Figure 4 - Carte géologique simplifiée de la zone côtière du Gharb.
Source : carte géologique Souk El Arba Beni Hessane au 1/100000 (MEN, 2004).
14M. KILI et al. (2008) distinguent une nappe d'eau superficielle d'une nappe profonde. Mais ils reconnaissent la continuité entre les deux, si bien que cette distinction n'est guère justifiée. De plus, les intercalations argileuses au sein des dépôts de la fin du Pliocène et du Quaternaire sont discontinues. On a donc une nappe libre dans un aquifère monocouche constitué par les formations essentiellement gréso-sableuses surmontant les "marnes bleues" (B. BOUYA et al., 2011). Cette nappe est en continuité avec celle du Gharb, dont l'aquifère est beaucoup plus épais et plus complexe (M. KILI et al., 2008).
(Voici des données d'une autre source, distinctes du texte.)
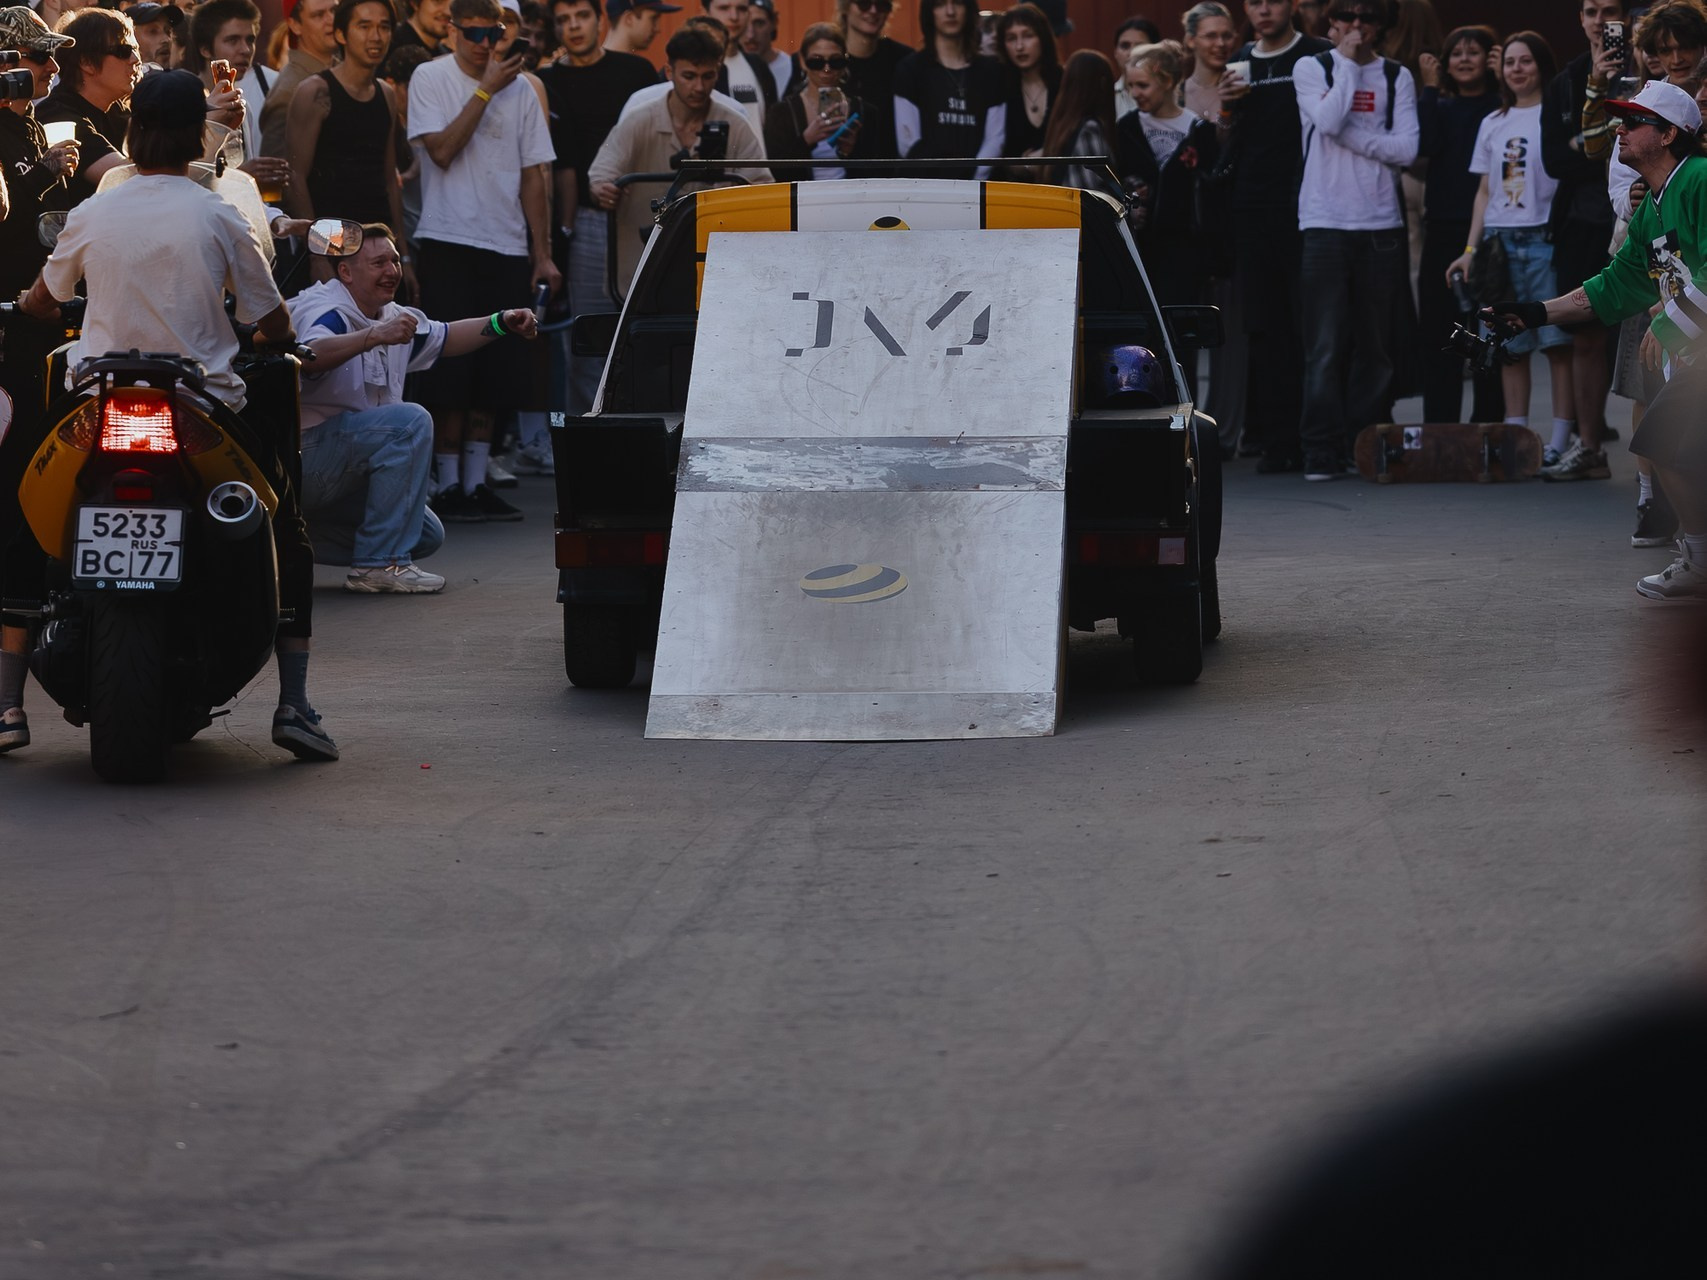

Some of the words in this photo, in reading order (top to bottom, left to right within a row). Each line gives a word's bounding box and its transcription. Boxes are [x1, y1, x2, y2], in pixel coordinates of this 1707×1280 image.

15Les connaissances sur la piézométrie de la nappe de Mnasra reposent sur le réseau de mesure de l'Agence du Bassin Hydraulique du Sebou (ABHS). Les données ont été exploitées par B. BOUYA et al. (2011) dans un article détaillé sur l'hydrogéologie et la modélisation hydrodynamique de la nappe. Abstraction faite des fluctuations au cours de chaque année, cette étude révèle une baisse générale, de 2 à 4 m, du niveau piézométrique après le début des années 1980. Elle met en outre en évidence une inversion de la circulation des eaux, qui vont maintenant vers l'est, du fait de l'exploitation très active des eaux souterraines pour l'irrigation. Le rabattement de la nappe est resté faible près de la côte (0,5 m), où les prélèvements pour l'irrigation sont limités (B. BOUYA et al., 2011), mais qui est aussi bien sûr très proche de l'océan.
16Dans l'ensemble, la nappe de Mnasra est voisine de la surface (Fig. 5), ce qui accroît sa sensibilité à la pollution. Le plus souvent, la profondeur est comprise entre 5 et 50 mètres. Sur 63 % du terrain d'étude, et tout particulièrement au nord, elle est de 5 à 8 mètres. La zone côtière, marquée par la présence d'un cordon de dunes sableuses, présente des profondeurs supérieures à 18 m.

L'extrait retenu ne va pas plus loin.